**What you will do**
The material below has pictures in it. Set down only the lines from the line containing "this 1427×1506 image." through the line containing "this 2000×1333 image.", word for word, and leave the pictures behind.

**Input**

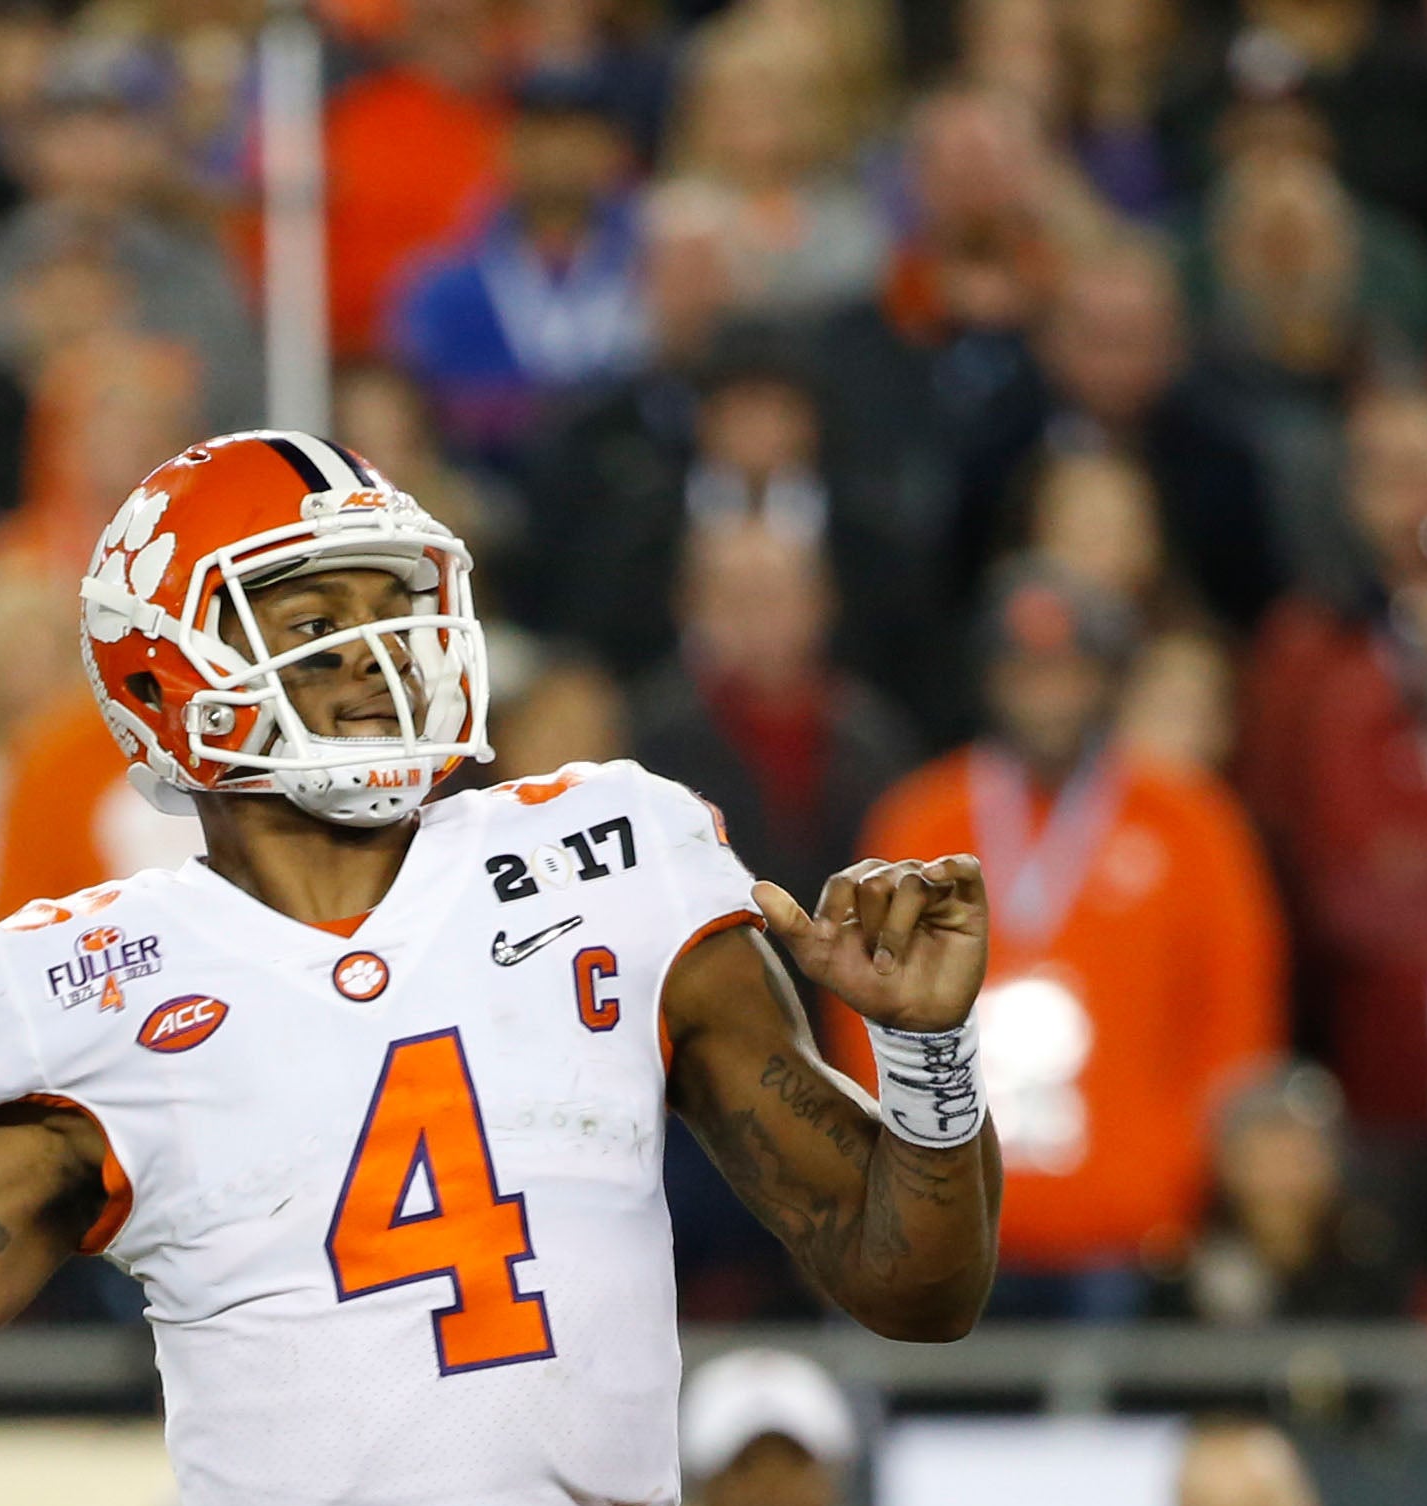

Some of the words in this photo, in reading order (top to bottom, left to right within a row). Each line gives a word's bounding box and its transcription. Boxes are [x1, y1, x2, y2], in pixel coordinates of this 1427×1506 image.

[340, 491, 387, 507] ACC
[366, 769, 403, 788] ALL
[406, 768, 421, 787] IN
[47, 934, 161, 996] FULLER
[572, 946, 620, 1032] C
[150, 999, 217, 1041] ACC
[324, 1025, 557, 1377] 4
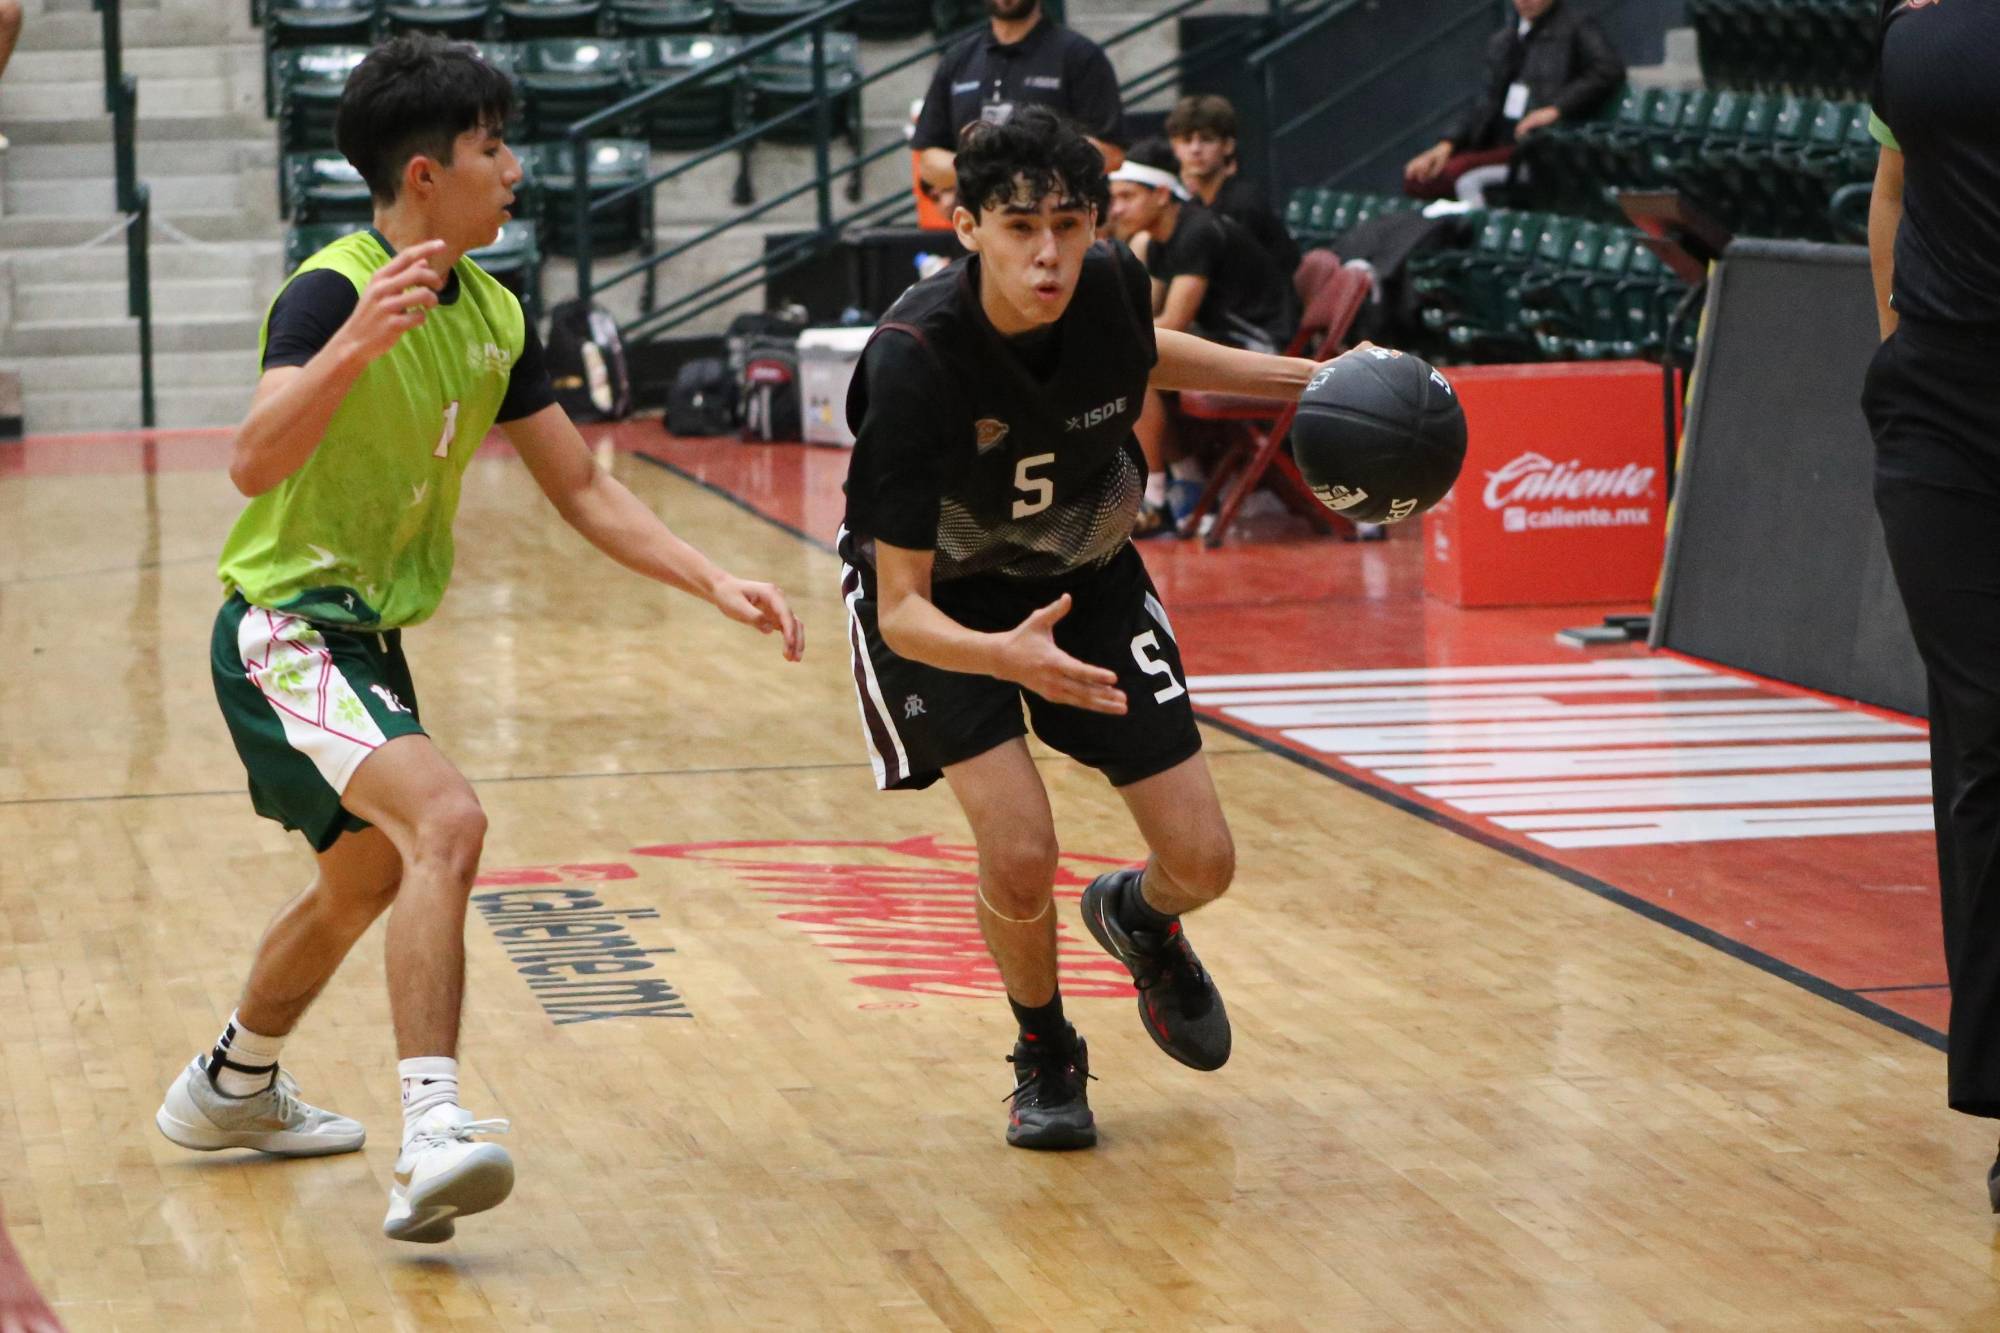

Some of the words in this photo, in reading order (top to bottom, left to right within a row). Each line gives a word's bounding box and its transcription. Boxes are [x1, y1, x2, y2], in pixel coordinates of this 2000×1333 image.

...

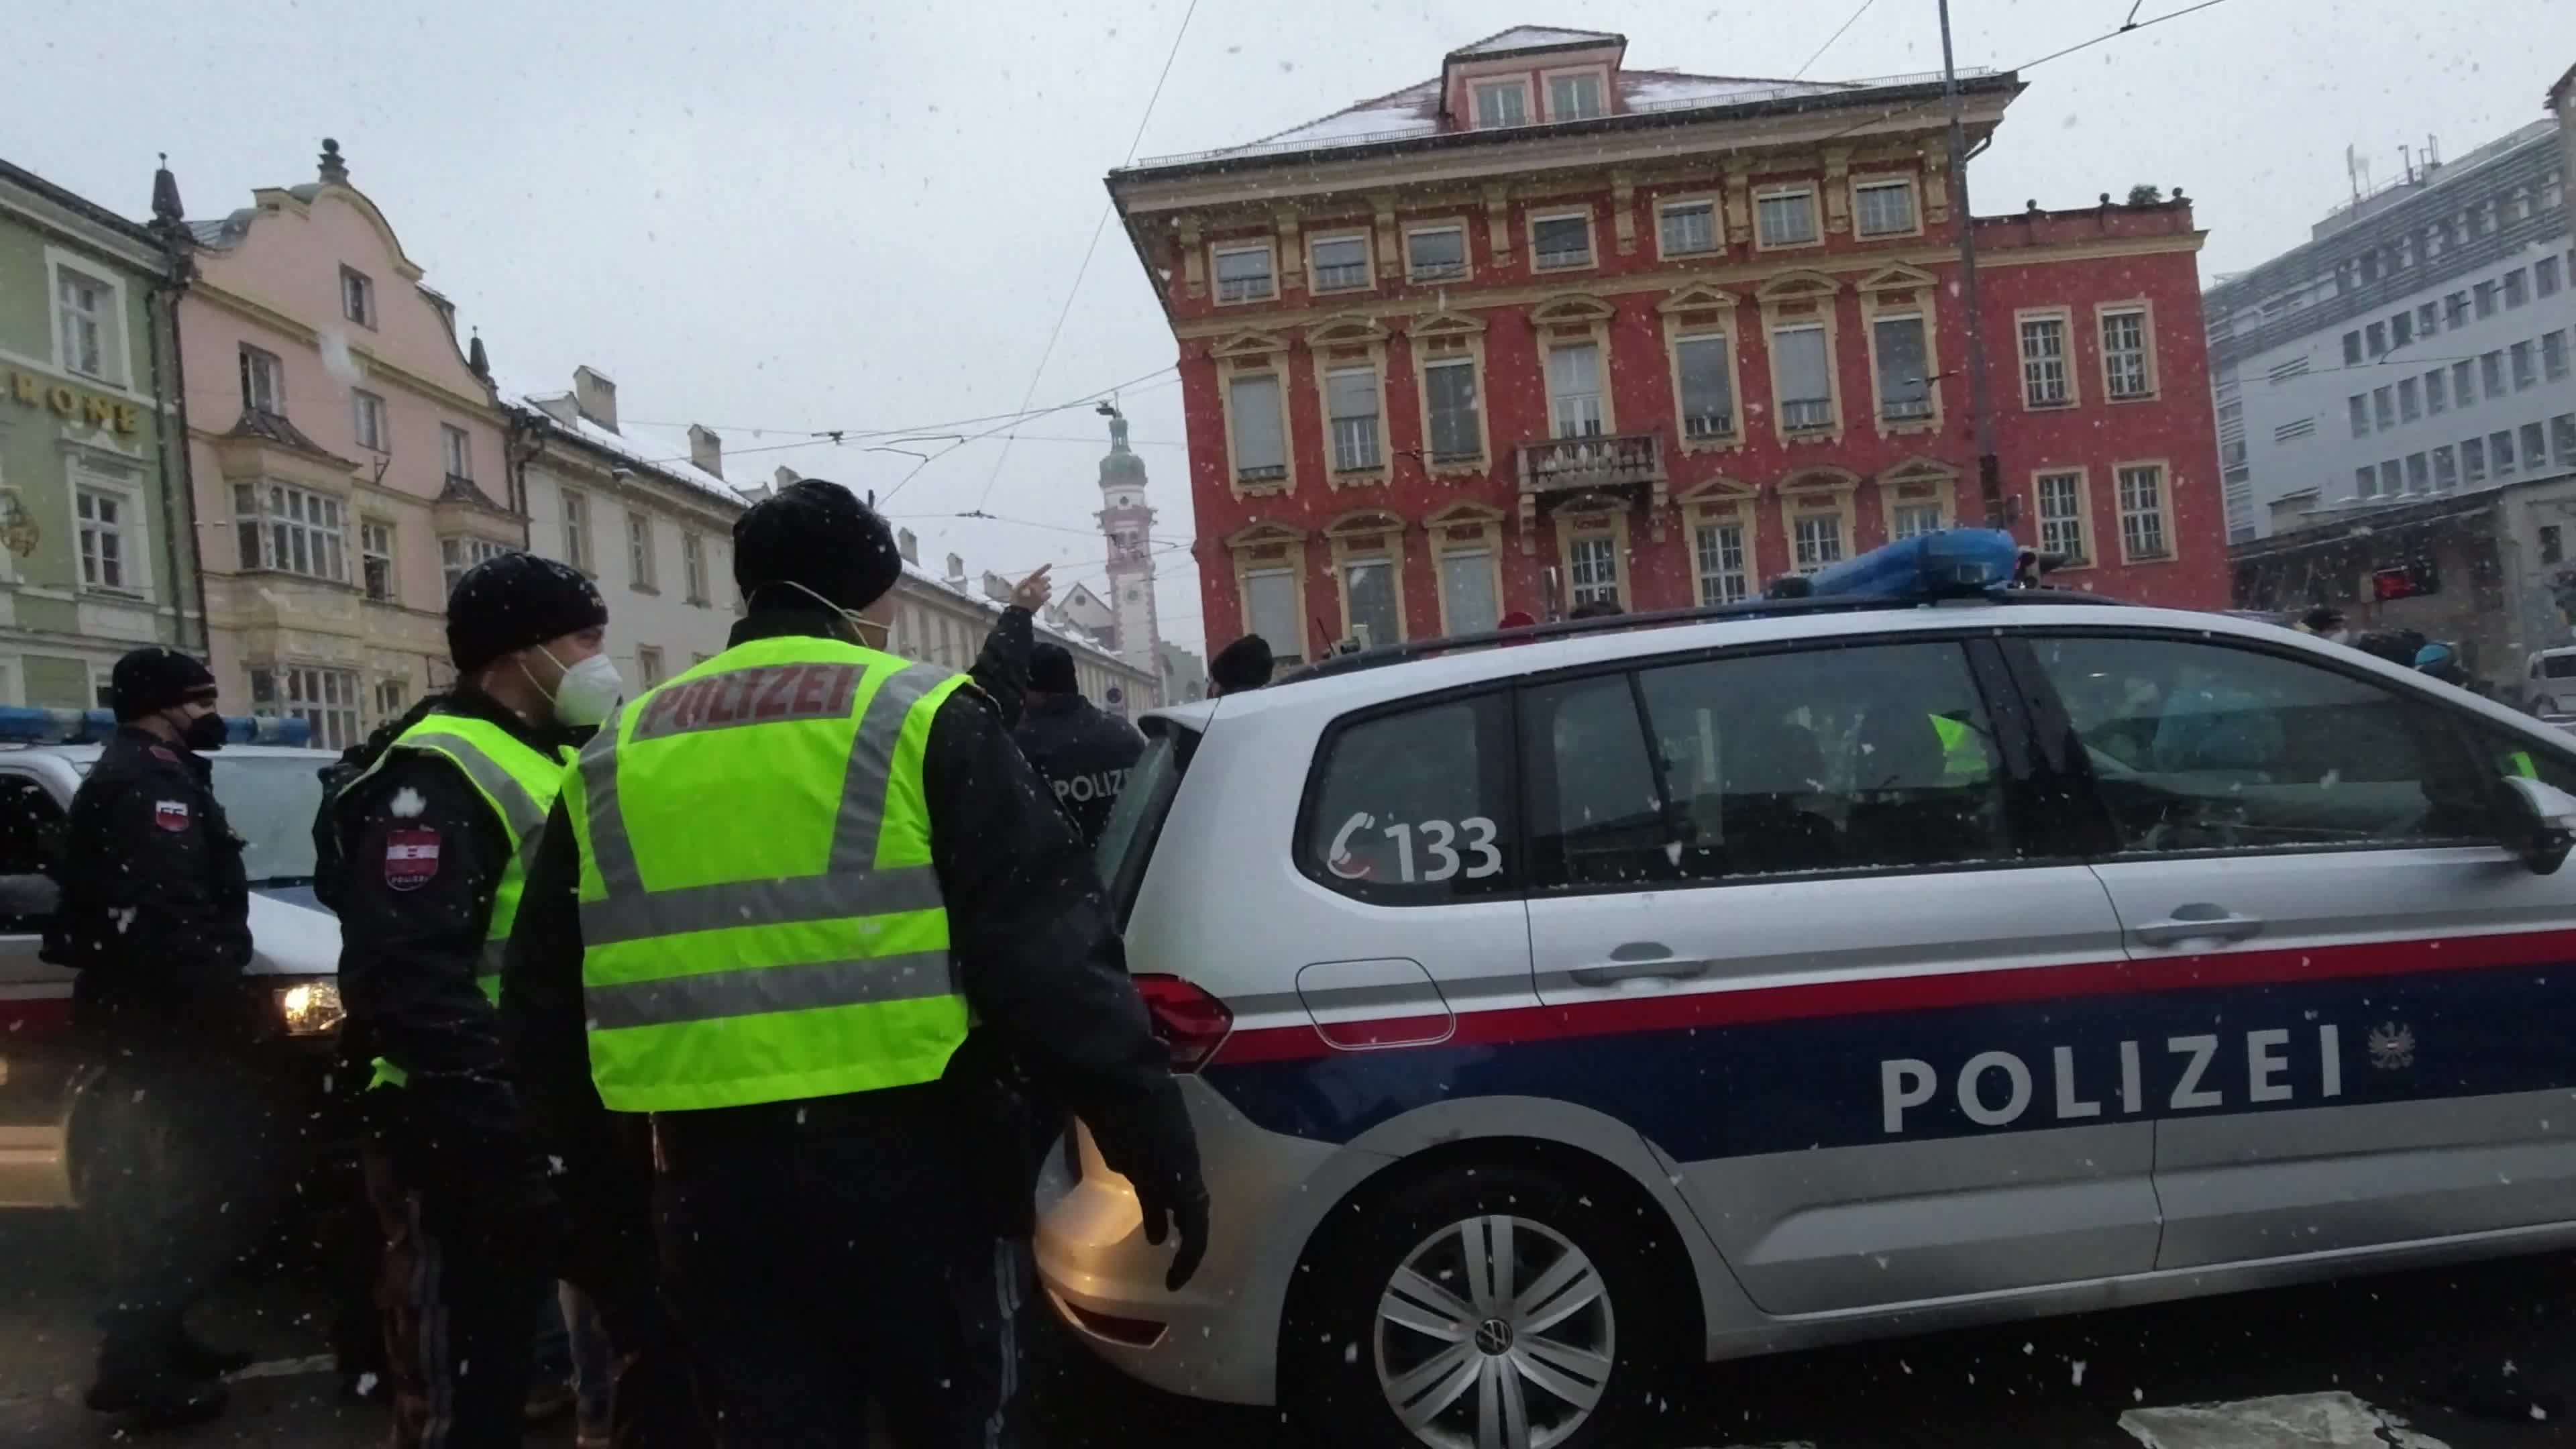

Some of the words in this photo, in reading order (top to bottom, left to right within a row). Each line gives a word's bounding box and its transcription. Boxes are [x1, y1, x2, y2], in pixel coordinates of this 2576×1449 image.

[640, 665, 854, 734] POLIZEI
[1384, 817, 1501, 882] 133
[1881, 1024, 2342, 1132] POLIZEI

**Completed exercise**
Some of the words in this photo, in reading order (top to bottom, left to right within a row). Each line gives a word's bounding box and its transcription. Boxes are [x1, y1, x2, y2], in pixel coordinates of this 1427×1506 image.

[340, 491, 387, 507] ACC
[366, 769, 403, 788] ALL
[406, 768, 421, 787] IN
[47, 934, 161, 996] FULLER
[572, 946, 620, 1032] C
[150, 999, 217, 1041] ACC
[324, 1025, 557, 1377] 4

Some of the words in this photo, in reading order (top to bottom, left to right within a row). Each line gives a word's bounding box and its transcription. Boxes are [x1, y1, x2, y2], in pixel coordinates of this 2000×1333 image.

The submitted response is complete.